▶ [Exercise data]

+++++

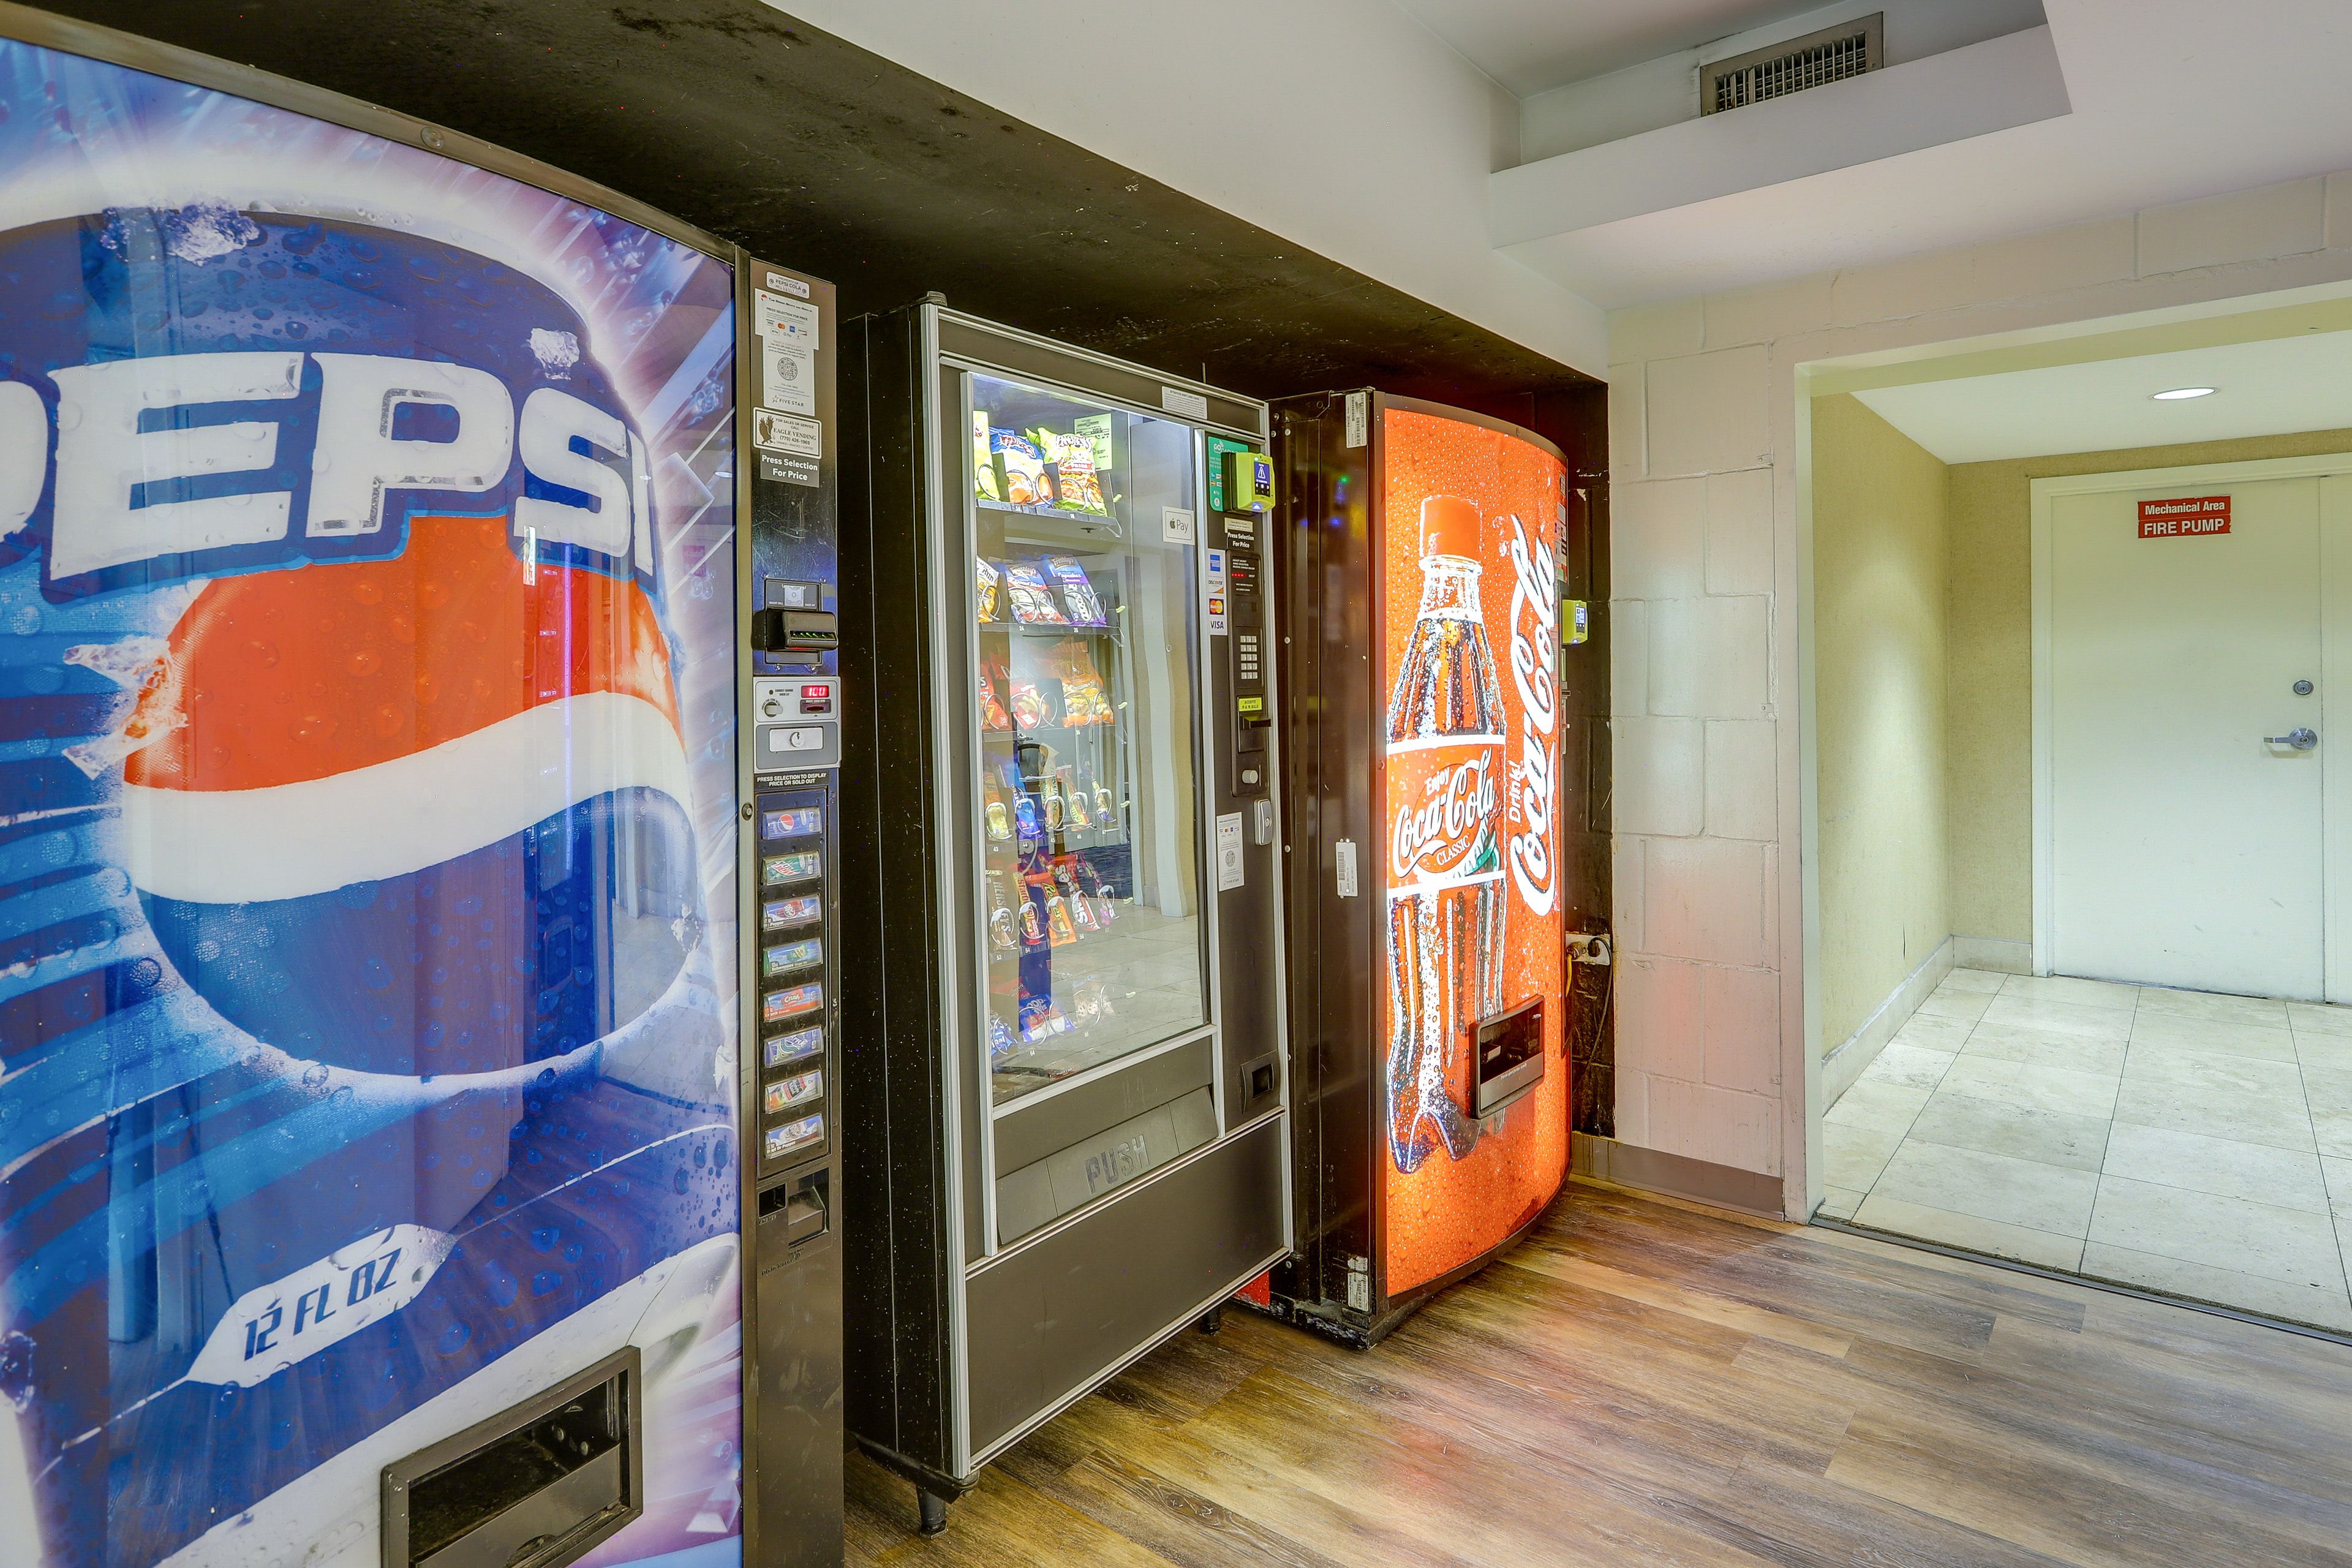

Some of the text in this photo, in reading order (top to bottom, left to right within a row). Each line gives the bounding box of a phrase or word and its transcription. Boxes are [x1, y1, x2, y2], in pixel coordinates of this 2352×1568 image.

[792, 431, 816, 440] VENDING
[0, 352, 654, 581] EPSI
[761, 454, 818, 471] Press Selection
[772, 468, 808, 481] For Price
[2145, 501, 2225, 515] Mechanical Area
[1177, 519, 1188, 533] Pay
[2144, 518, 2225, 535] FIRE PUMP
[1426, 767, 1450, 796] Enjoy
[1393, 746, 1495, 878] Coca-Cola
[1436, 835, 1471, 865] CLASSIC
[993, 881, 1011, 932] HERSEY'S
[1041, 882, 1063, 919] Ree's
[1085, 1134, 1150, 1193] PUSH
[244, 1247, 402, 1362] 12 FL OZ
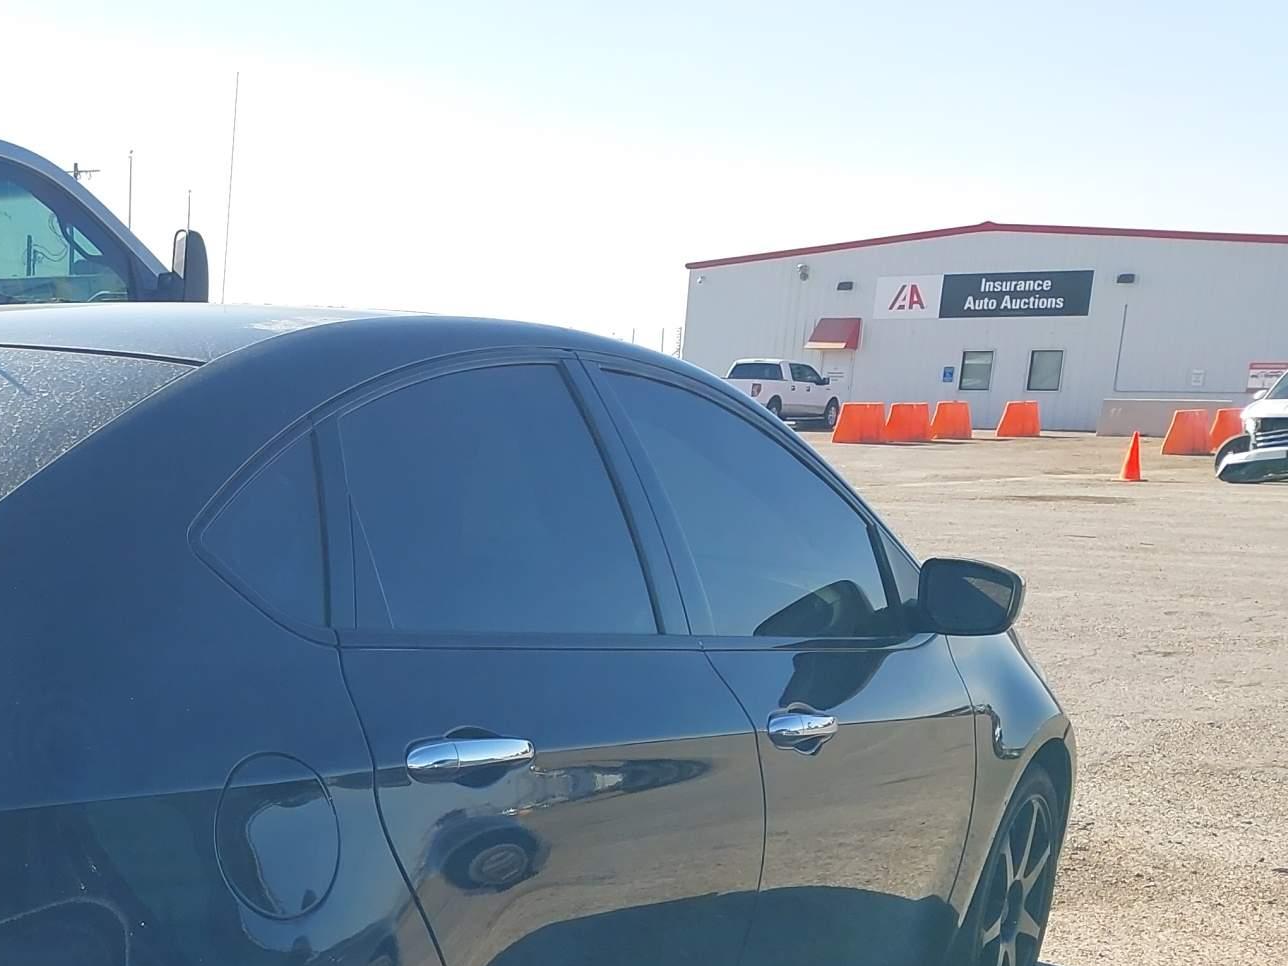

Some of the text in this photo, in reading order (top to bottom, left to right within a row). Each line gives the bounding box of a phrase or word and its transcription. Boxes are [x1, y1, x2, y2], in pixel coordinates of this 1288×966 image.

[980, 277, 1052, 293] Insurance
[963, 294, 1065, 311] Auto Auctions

+++++

▶ [Work request]
Taking the line that contains "this 1288×966 image." as the first, reproduce every line through the end of the entries exactly.

▶ [Your response]
Some of the text in this photo, in reading order (top to bottom, left to right within a row). Each line gives the bounding box of a phrase or word and its transcription. Boxes are [x1, y1, x2, y2], in pixel coordinates of this 1288×966 image.

[980, 277, 1052, 293] Insurance
[963, 294, 1065, 311] Auto Auctions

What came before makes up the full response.